> Exercise:
Word for word, and with pictures excluded, copy out all the records that follow.

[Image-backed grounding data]
================

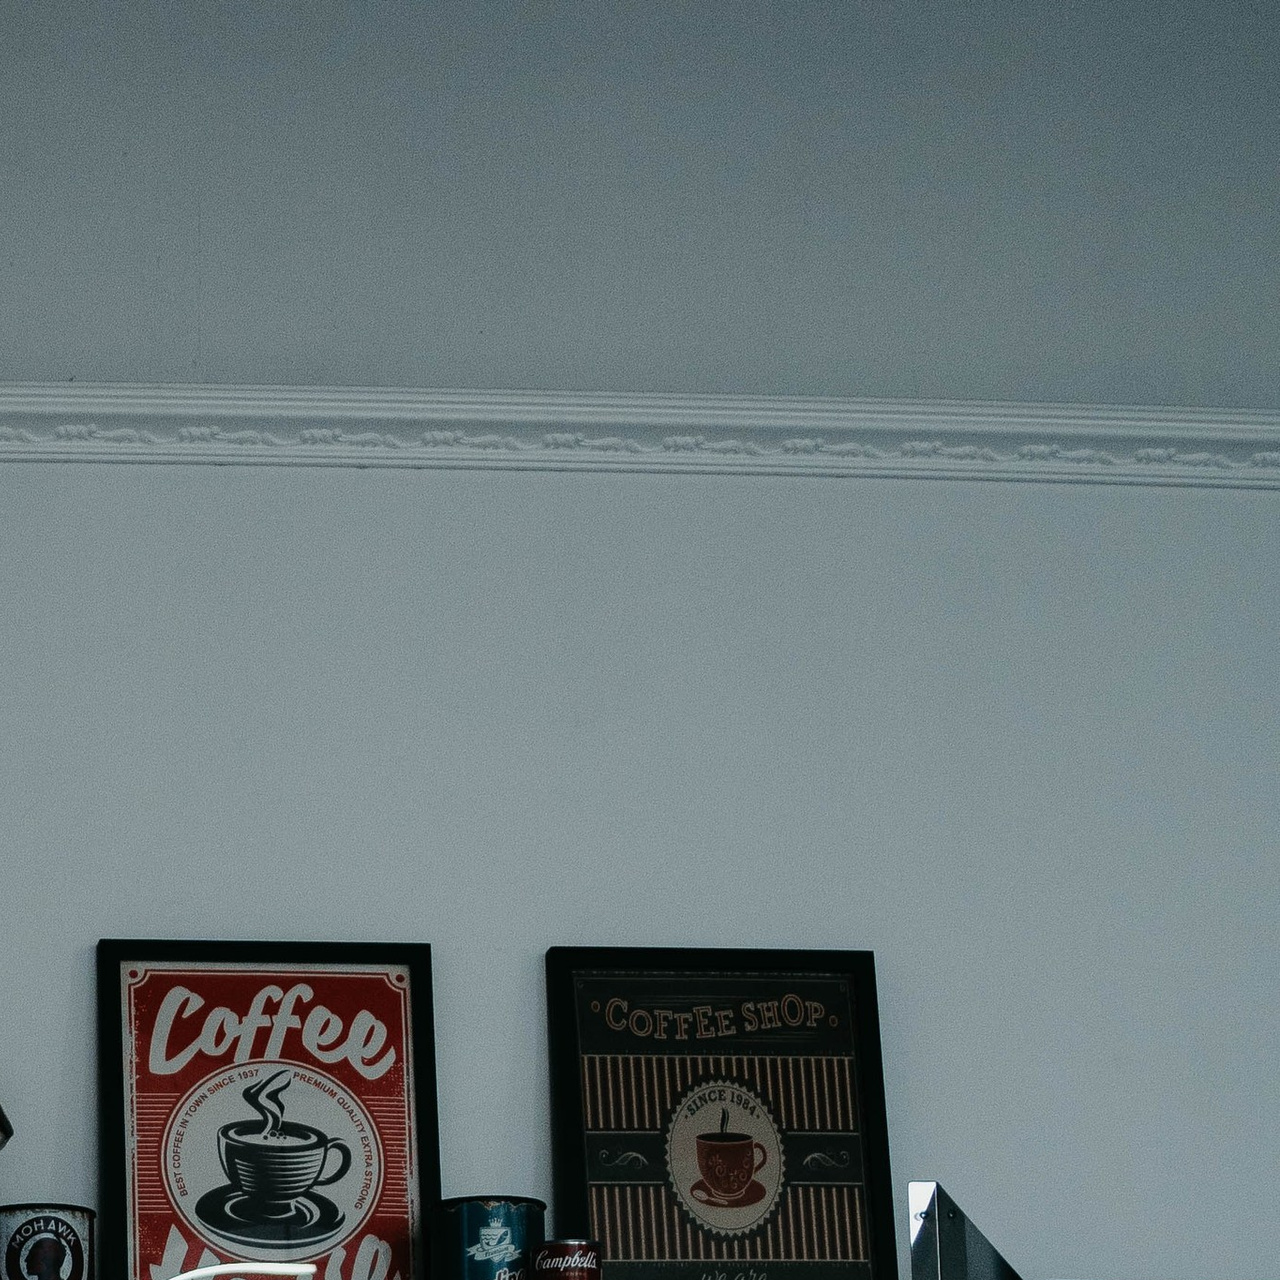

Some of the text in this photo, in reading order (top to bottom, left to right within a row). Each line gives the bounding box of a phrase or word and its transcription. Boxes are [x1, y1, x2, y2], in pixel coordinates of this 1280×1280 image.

[148, 983, 396, 1080] Coffee
[605, 993, 826, 1040] COFFEE SHOP
[172, 1069, 260, 1197] BEST COFFEE IN TOWN SINCE 1937
[687, 1089, 758, 1116] SINCE 1984
[293, 1071, 373, 1210] PREMIUM QUALITY EXTRA STRONG
[11, 1219, 78, 1249] MOHAWK
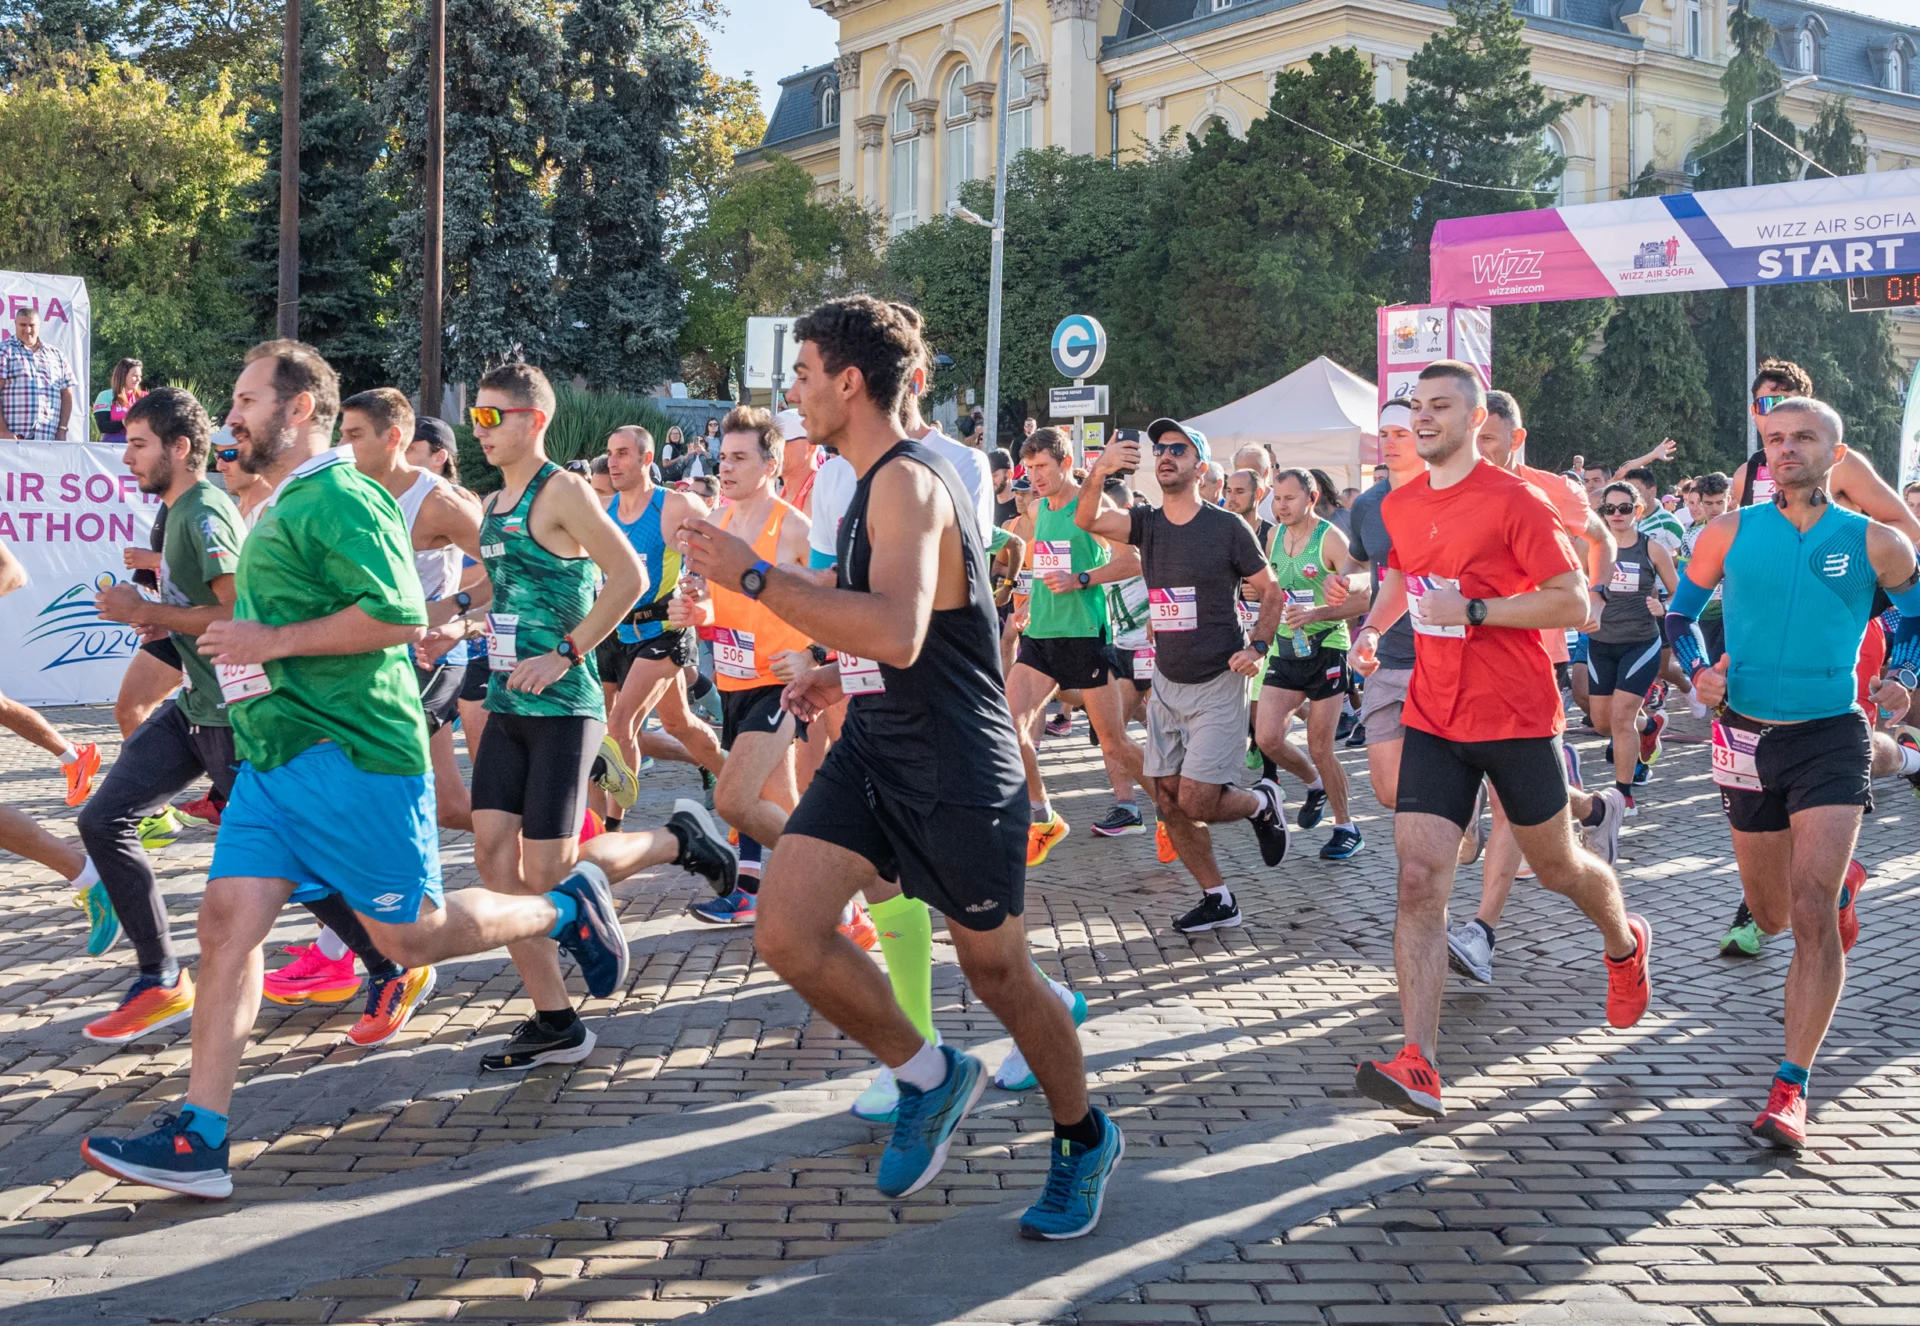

================

> Answer below:
Some of the text in this photo, in reading order (top to bottom, left to right within a row). Each line gives the bounding box of a phrase or word and its transcription. Boxes are [x1, y1, x2, y2], in pixel coordinates of this 1280×1280 image.

[148, 983, 396, 1080] Coffee
[605, 993, 826, 1040] COFFEE SHOP
[172, 1069, 260, 1197] BEST COFFEE IN TOWN SINCE 1937
[687, 1089, 758, 1116] SINCE 1984
[293, 1071, 373, 1210] PREMIUM QUALITY EXTRA STRONG
[11, 1219, 78, 1249] MOHAWK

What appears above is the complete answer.